April is child abuse prevention month!  Such an important topic to us all!  Anything we can do as a community to understand, report and prevent child abuse and neglect is one of the most important things we can ever do!  When trying to decide if something is child neglect/abuse many times there is a place on the counties website linked to the DSS (department of social services) site that goes over what constitutes abuse and neglect.  This example below is from Mecklenburg counties website in NC:

https://www.mecknc.gov/dss/children/Pages/MecklenburgCountyChildAbuseAwarenessCoalition.aspx

Key Points:

  • Neglect is the most common form of maltreatment, but it receives far less attention than other forms of abuse.
  • Children younger than 4 years are at greatest risk of severe injury or death.
  • Child abuse occurs in all ethnicities, cultures, education levels, and socioeconomic divisions of society.
  • The emotional pain and trauma suffered by children who are abused and neglected often troubles them throughout their lives

Signs to watch for:

  • Children who are physically abused may:
    • Be nervous around adults.
    • Be watchful, as though preparing for something bad to happen.
    • Have difficulty playing.
    • Act aggressively toward adults and other children.
    • Be unable to concentrate at school.
    • Suddenly underachieve – or overachieve – at school.
    • Find it difficult to trust other people and make friends.
    • Arrive at school too early or leave after the other children
  • Children who are sexually abused may:
    • Behave differently when the abuse starts.
    • Care less about their appearance or their health.
    • Talk or act sexually at too early an age.
    • Be secretive and stop talking about home life.
    • Start soiling themselves.
    • Be unable to sleep.
    • Suddenly find physical contact frightening.
  • Children who are neglected or emotionally abused may:
    • Have difficulty learning to talk.
    • Find it hard to develop close relationships.
    • Be overly friendly with strangers.
    • Be unable to play imaginatively.
    • Think badly of themselves.
    • Underachieve at school.

Remember: None of these signs proves that child maltreatment is present, since any of them may be noticeable at one time or another.
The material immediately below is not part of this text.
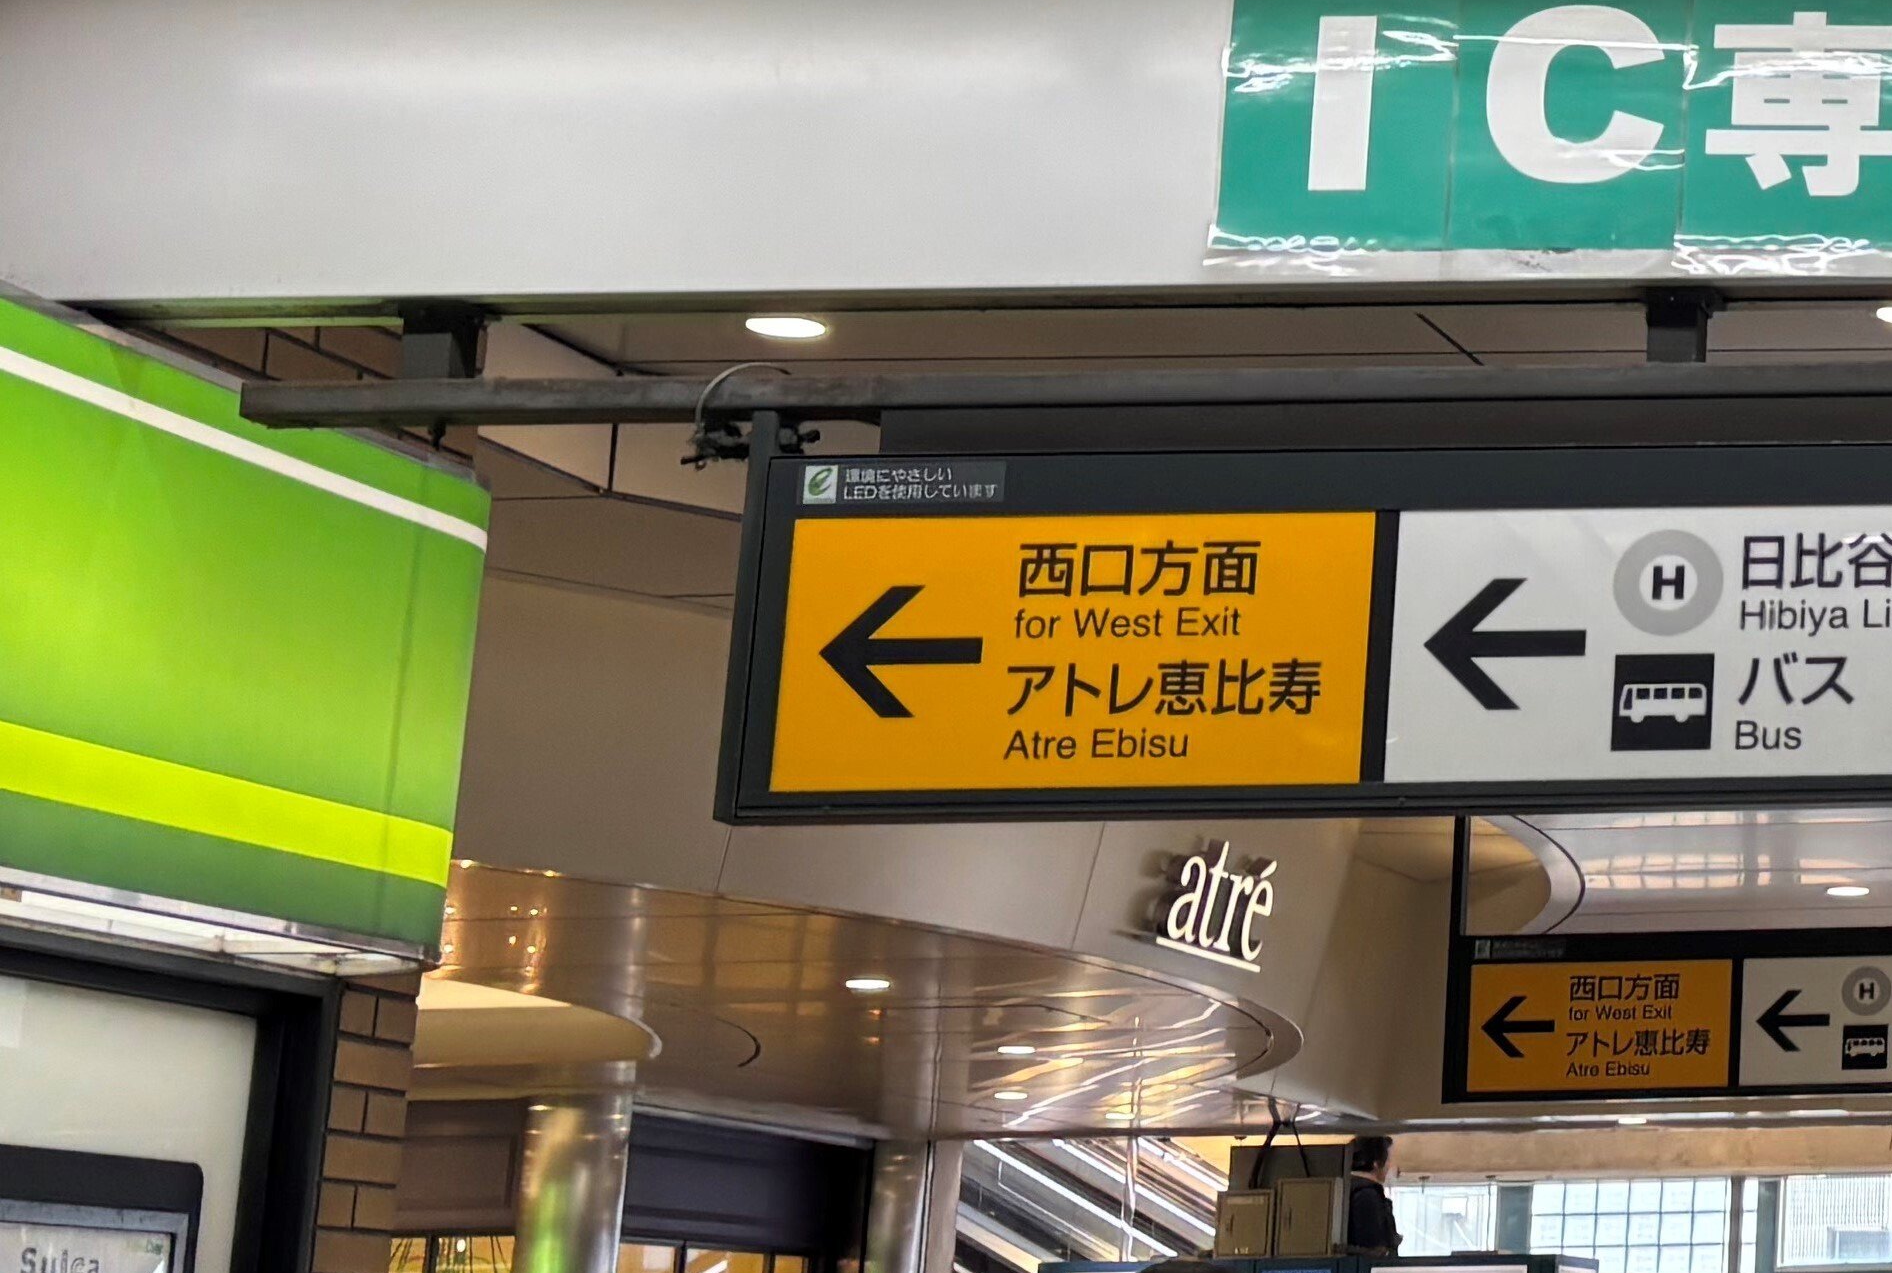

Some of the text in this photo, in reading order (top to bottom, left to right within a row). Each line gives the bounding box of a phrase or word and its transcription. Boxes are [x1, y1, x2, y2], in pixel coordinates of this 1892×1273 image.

But when they occur repeatedly or in combination with one another, the child may be suffering abuse.

For more information visit www.preventchildabusenc.org.

How Can You Help?

  • Volunteer
  • Lend a hand to a family or friend in need
  • Spend time with your family and children
  • Find ways to help families thrive
  • Donate to child abuse prevention programs
  • Be a nurturing parent
  • Get involved – advocate for services that help families
  • Ask for help

SUSPECT ABUSE?

If you have questions or concerns regarding child abuse or neglect call our

24-Hour Child Abuse and Neglect HOTLINE:

704-336-CARE(2273)

Be sure to be aware of the regulations in your own county to be educated and aware of how to stop child neglect and abuse.